→ **What to produce**: Your answer must be an exact copy of the entries, containing no images.

---------- Dataset extract ----------

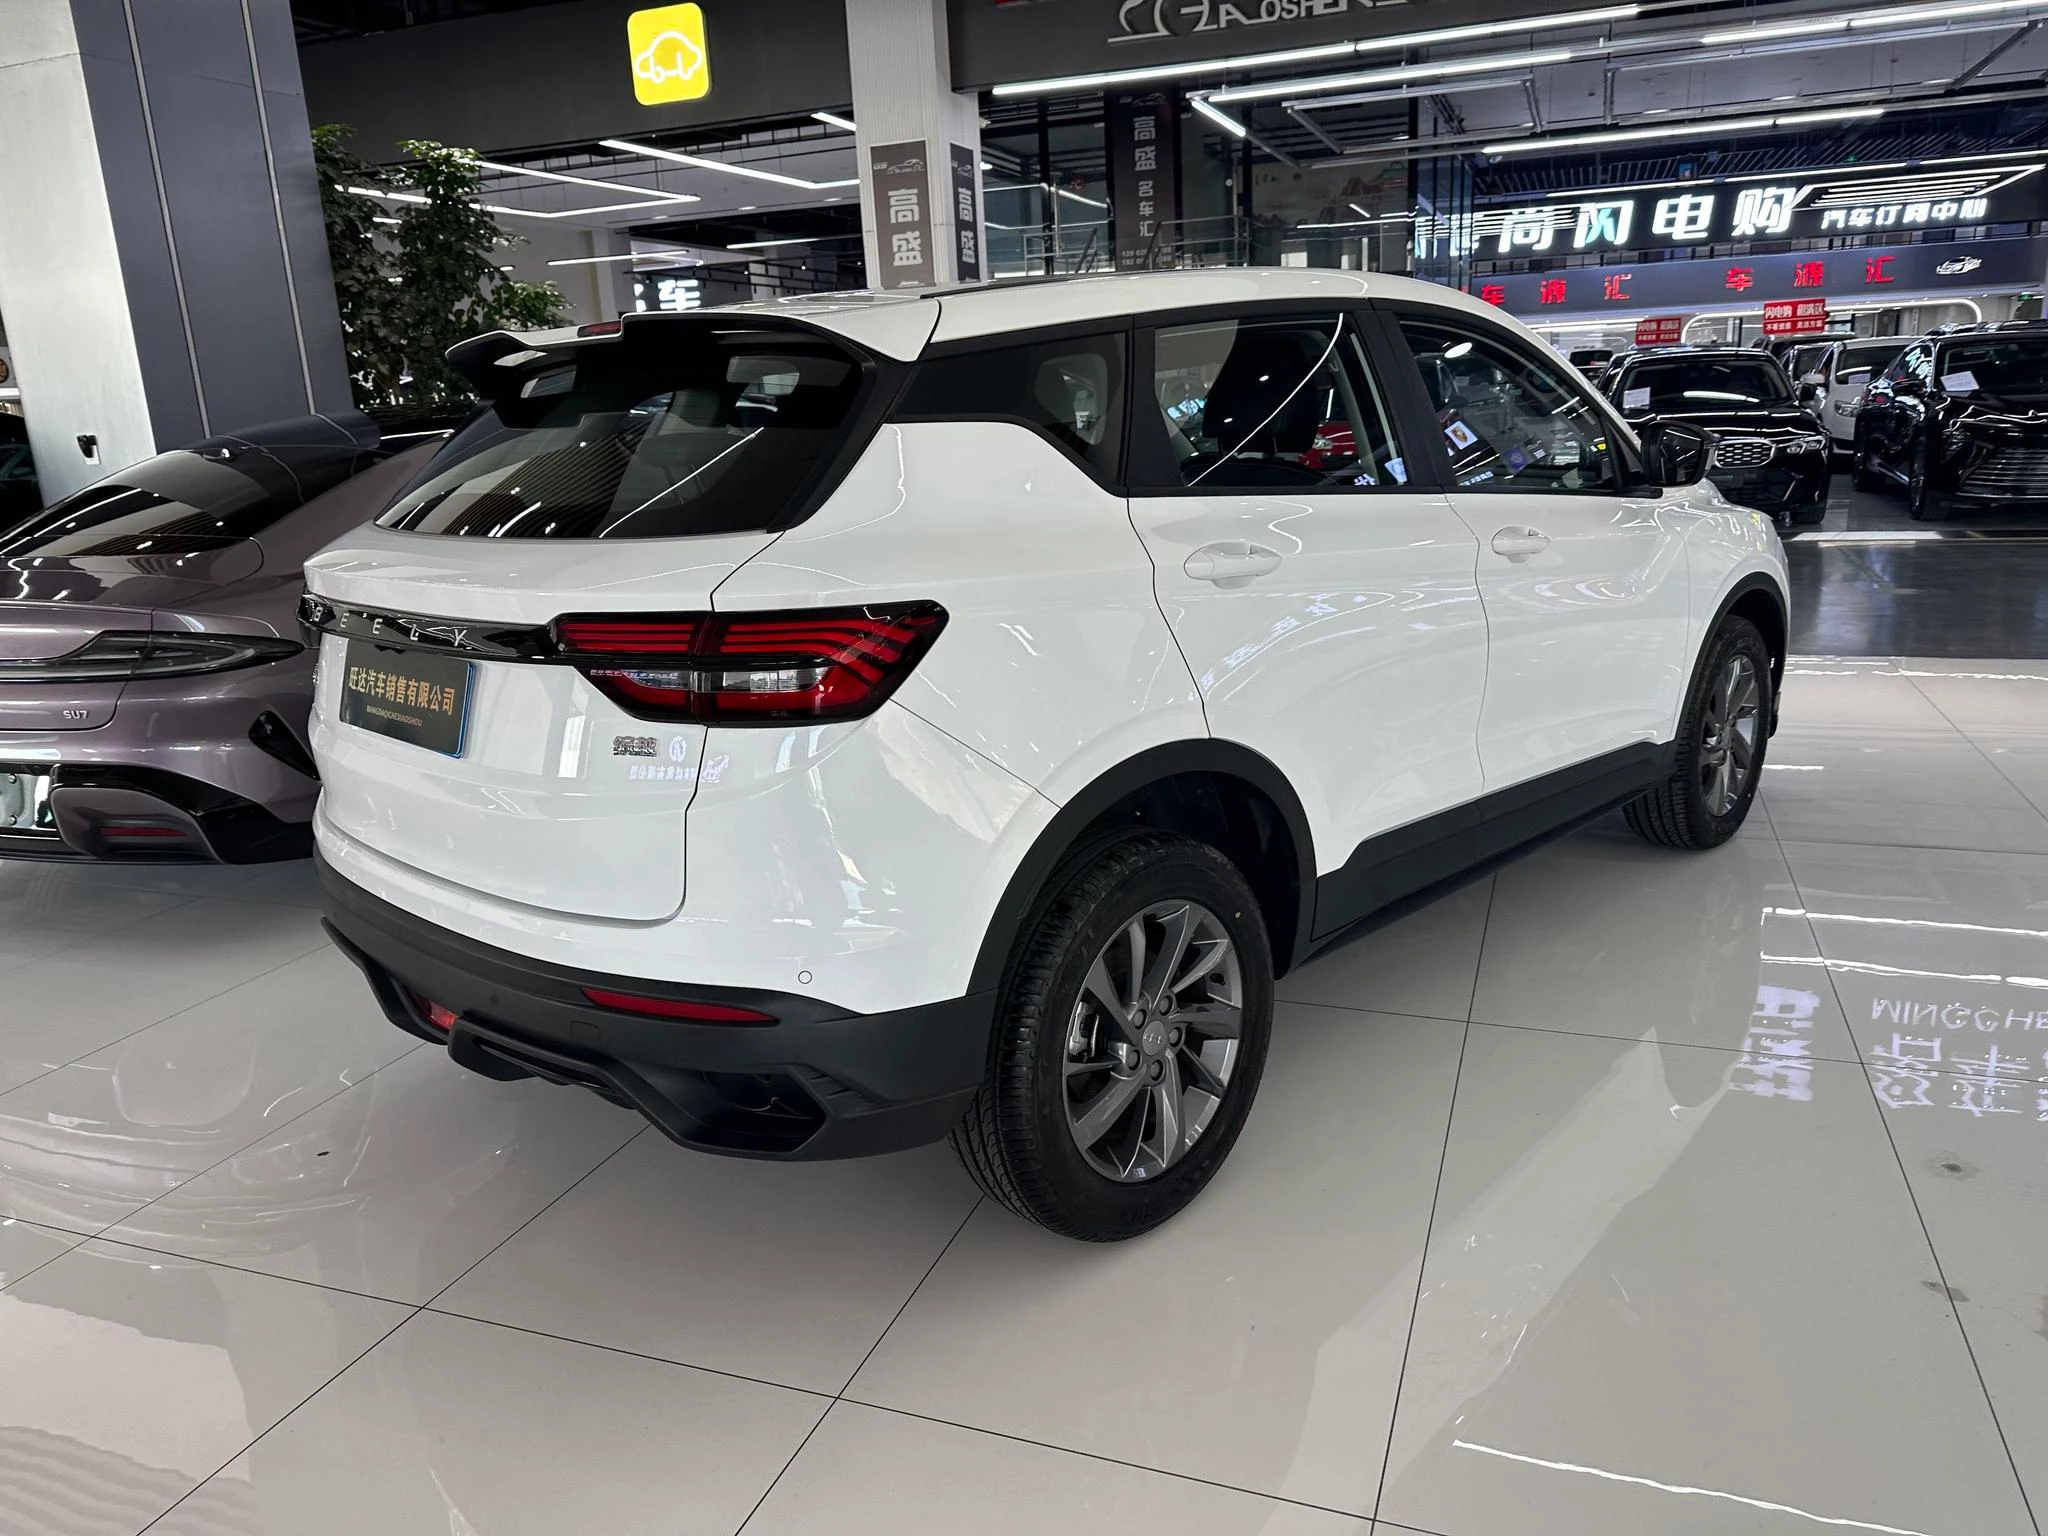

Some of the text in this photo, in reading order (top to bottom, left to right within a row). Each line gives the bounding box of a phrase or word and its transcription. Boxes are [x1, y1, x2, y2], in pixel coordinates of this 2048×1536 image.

[887, 188, 925, 288] 高盛
[957, 187, 976, 282] 高盛
[1481, 273, 1633, 306] 车源汇
[1725, 255, 1896, 293] 车源汇
[349, 666, 455, 715] 旺达汽车销售有限公司
[63, 710, 88, 719] SU7

----------

→ **Result**:
Some of the text in this photo, in reading order (top to bottom, left to right within a row). Each line gives the bounding box of a phrase or word and its transcription. Boxes are [x1, y1, x2, y2], in pixel coordinates of this 2048×1536 image.

[887, 188, 925, 288] 高盛
[957, 187, 976, 282] 高盛
[1481, 273, 1633, 306] 车源汇
[1725, 255, 1896, 293] 车源汇
[349, 666, 455, 715] 旺达汽车销售有限公司
[63, 710, 88, 719] SU7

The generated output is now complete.